Work order: Write out the listing below in its entirety, minus the pictures, without changing a word.

____ Exercise data

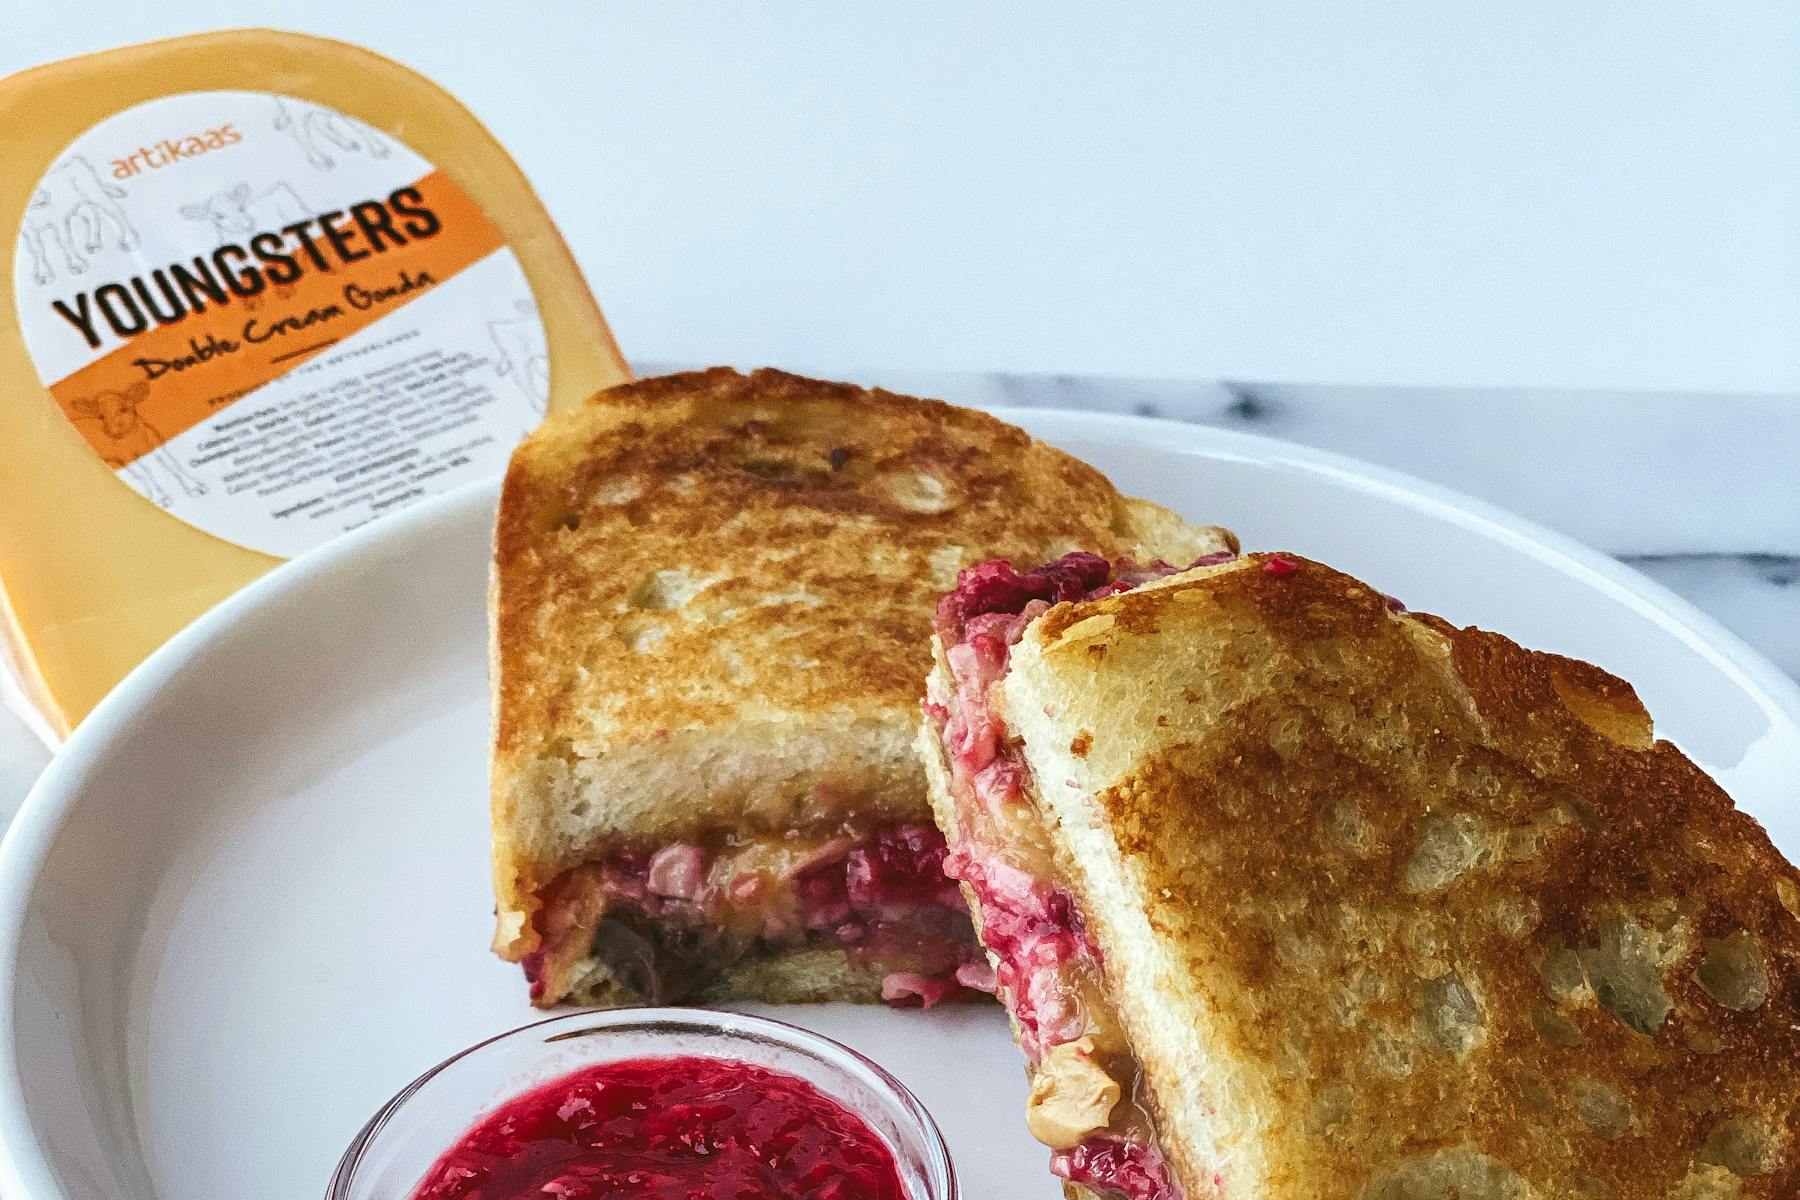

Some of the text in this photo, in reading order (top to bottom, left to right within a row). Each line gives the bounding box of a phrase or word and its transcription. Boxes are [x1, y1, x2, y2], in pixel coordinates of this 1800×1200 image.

[112, 122, 243, 180] artikaas
[52, 185, 442, 349] YOUNGSTERS
[133, 335, 240, 380] Double
[242, 305, 344, 344] Cream
[343, 270, 435, 311] Gouda
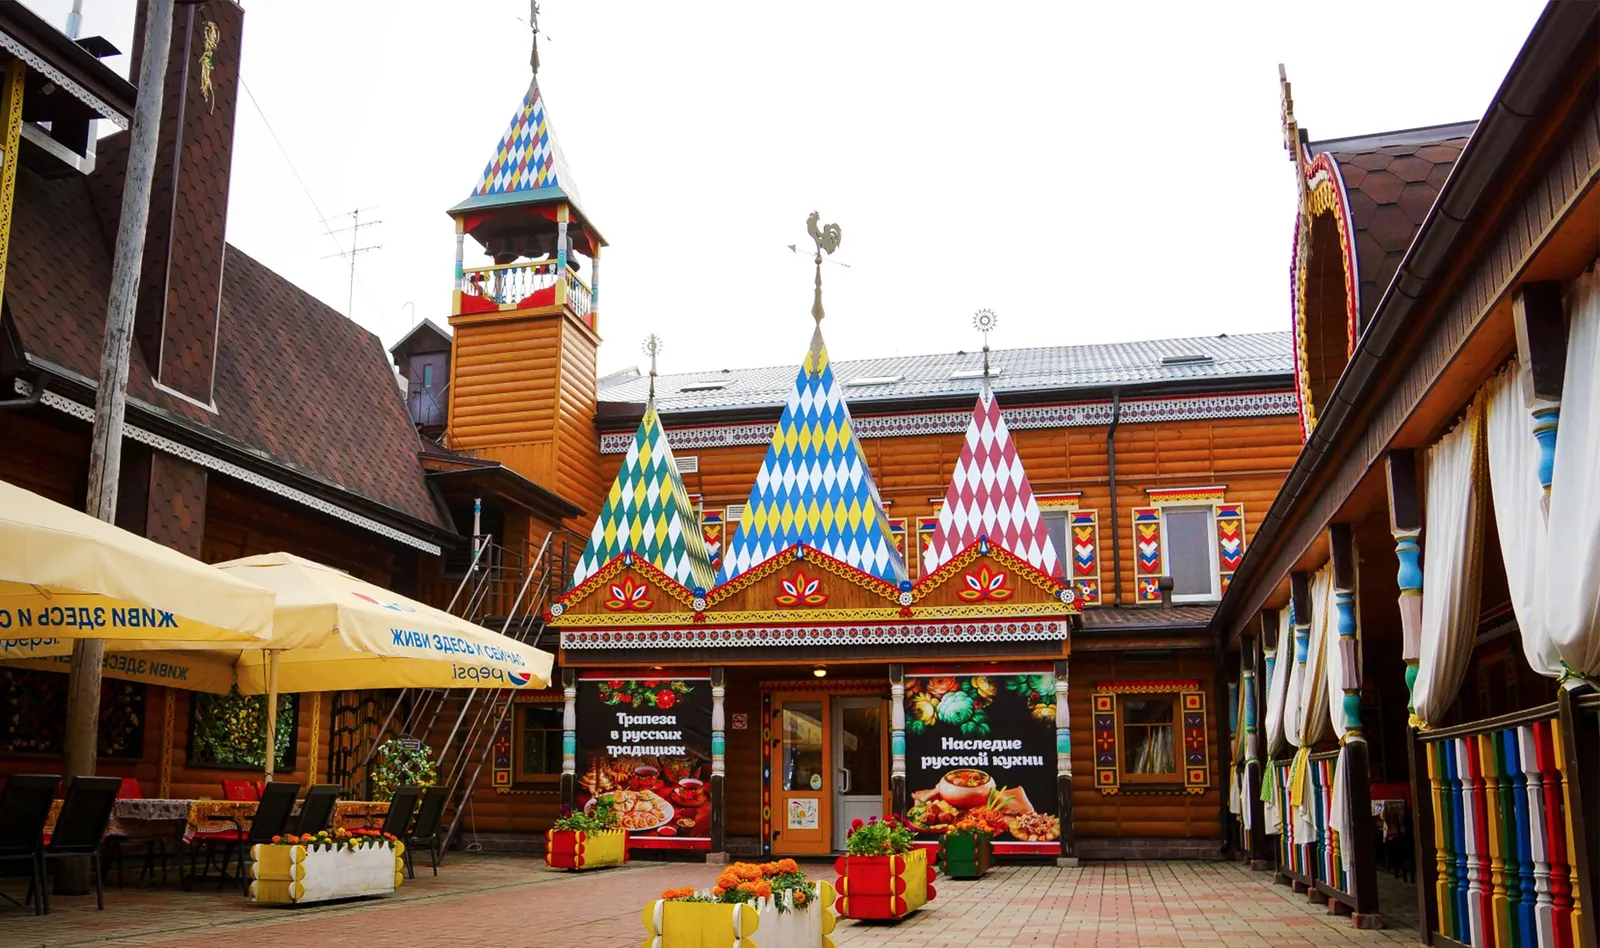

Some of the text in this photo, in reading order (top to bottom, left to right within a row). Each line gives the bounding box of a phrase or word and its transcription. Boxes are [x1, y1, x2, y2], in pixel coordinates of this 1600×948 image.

[390, 628, 431, 649] ЖИВИ
[433, 634, 474, 655] ЗДЕСЬ
[484, 645, 526, 667] СЕЙЧАС
[616, 712, 677, 727] Трапеза
[610, 730, 682, 743] в русских
[606, 745, 686, 758] традициях
[941, 737, 1022, 752] Наследие
[921, 752, 1044, 769] русской кухни
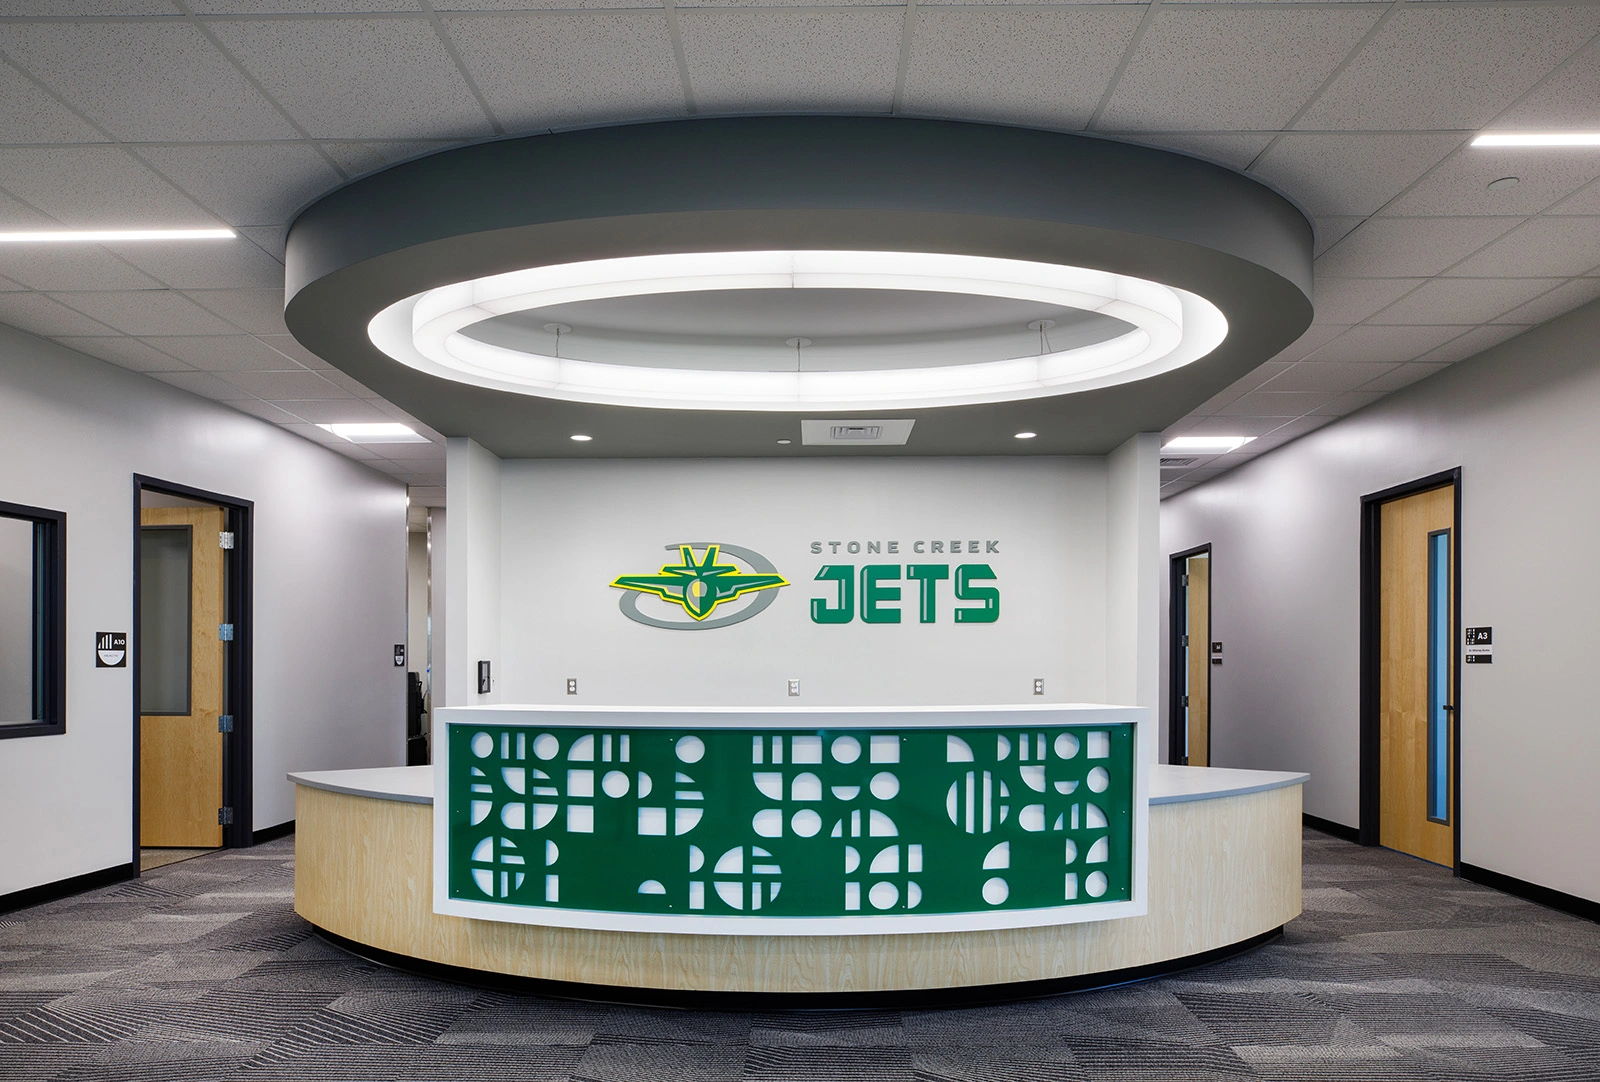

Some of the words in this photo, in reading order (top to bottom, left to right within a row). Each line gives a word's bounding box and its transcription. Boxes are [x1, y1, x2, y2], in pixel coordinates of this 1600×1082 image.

[810, 540, 899, 555] STONE
[913, 540, 1000, 554] CREEK
[810, 564, 1000, 624] JETS
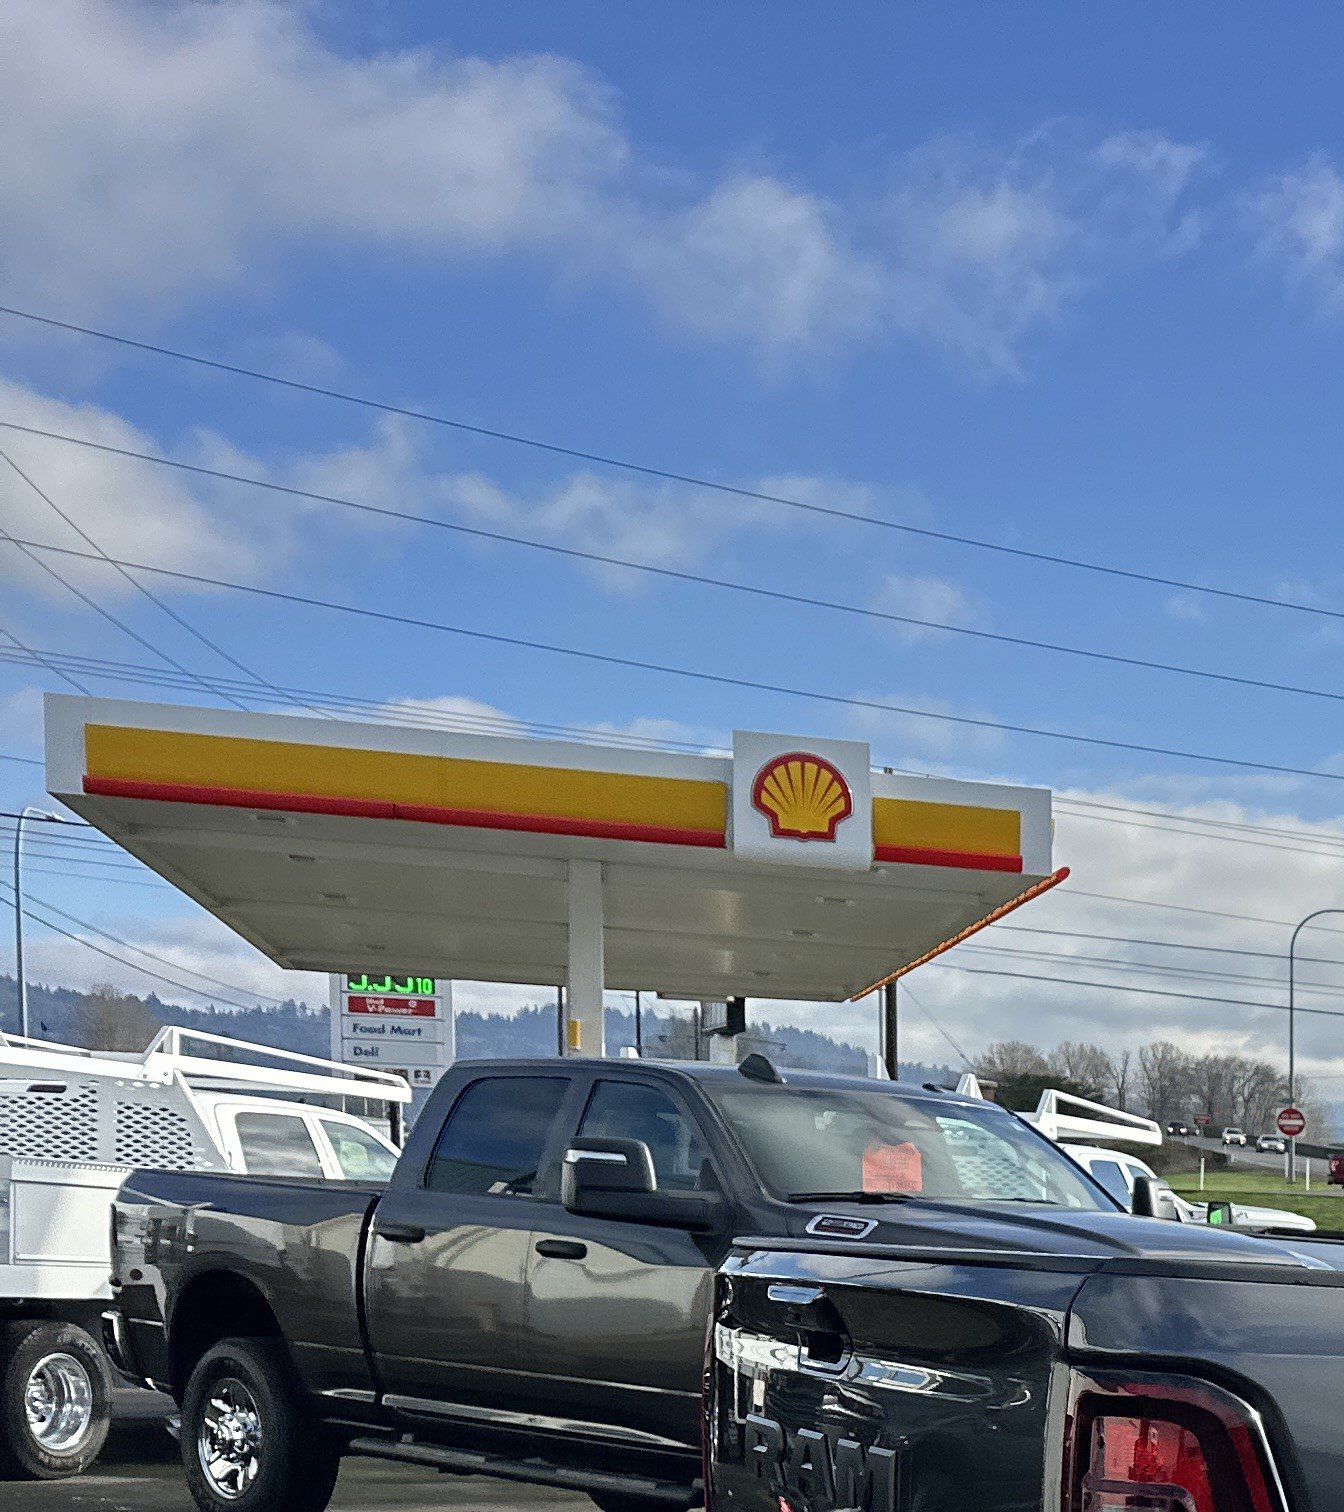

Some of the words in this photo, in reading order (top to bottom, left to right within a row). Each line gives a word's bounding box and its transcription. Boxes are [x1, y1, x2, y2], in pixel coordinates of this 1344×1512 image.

________

Output of the exercise:
Some of the text in this photo, in reading order (top to bottom, left to right within a row). Each line gives the bounding box of a phrase or word and its transcription. Boxes are [x1, y1, x2, y2], in pixel coordinates of this 1800×1200 image.

[112, 122, 243, 180] artikaas
[52, 185, 442, 349] YOUNGSTERS
[133, 335, 240, 380] Double
[242, 305, 344, 344] Cream
[343, 270, 435, 311] Gouda

Some of the text in this photo, in reading order (top to bottom, left to right within a row). Each line gives the bounding box of a phrase or word and its transcription. Boxes are [x1, y1, x2, y2], in pixel coordinates of this 1600×948 image.

[390, 628, 431, 649] ЖИВИ
[433, 634, 474, 655] ЗДЕСЬ
[484, 645, 526, 667] СЕЙЧАС
[616, 712, 677, 727] Трапеза
[610, 730, 682, 743] в русских
[606, 745, 686, 758] традициях
[941, 737, 1022, 752] Наследие
[921, 752, 1044, 769] русской кухни

Some of the words in this photo, in reading order (top to bottom, left to right within a row). Each line gives a word's bounding box and its transcription. Boxes are [x1, y1, x2, y2], in pixel coordinates of this 1600×1082 image.

[810, 540, 899, 555] STONE
[913, 540, 1000, 554] CREEK
[810, 564, 1000, 624] JETS

Some of the words in this photo, in reading order (top to bottom, left to right within a row). Each line gives a word's bounding box and its transcription. Boxes are [x1, y1, x2, y2], in pixel coordinates of this 1344×1512 image.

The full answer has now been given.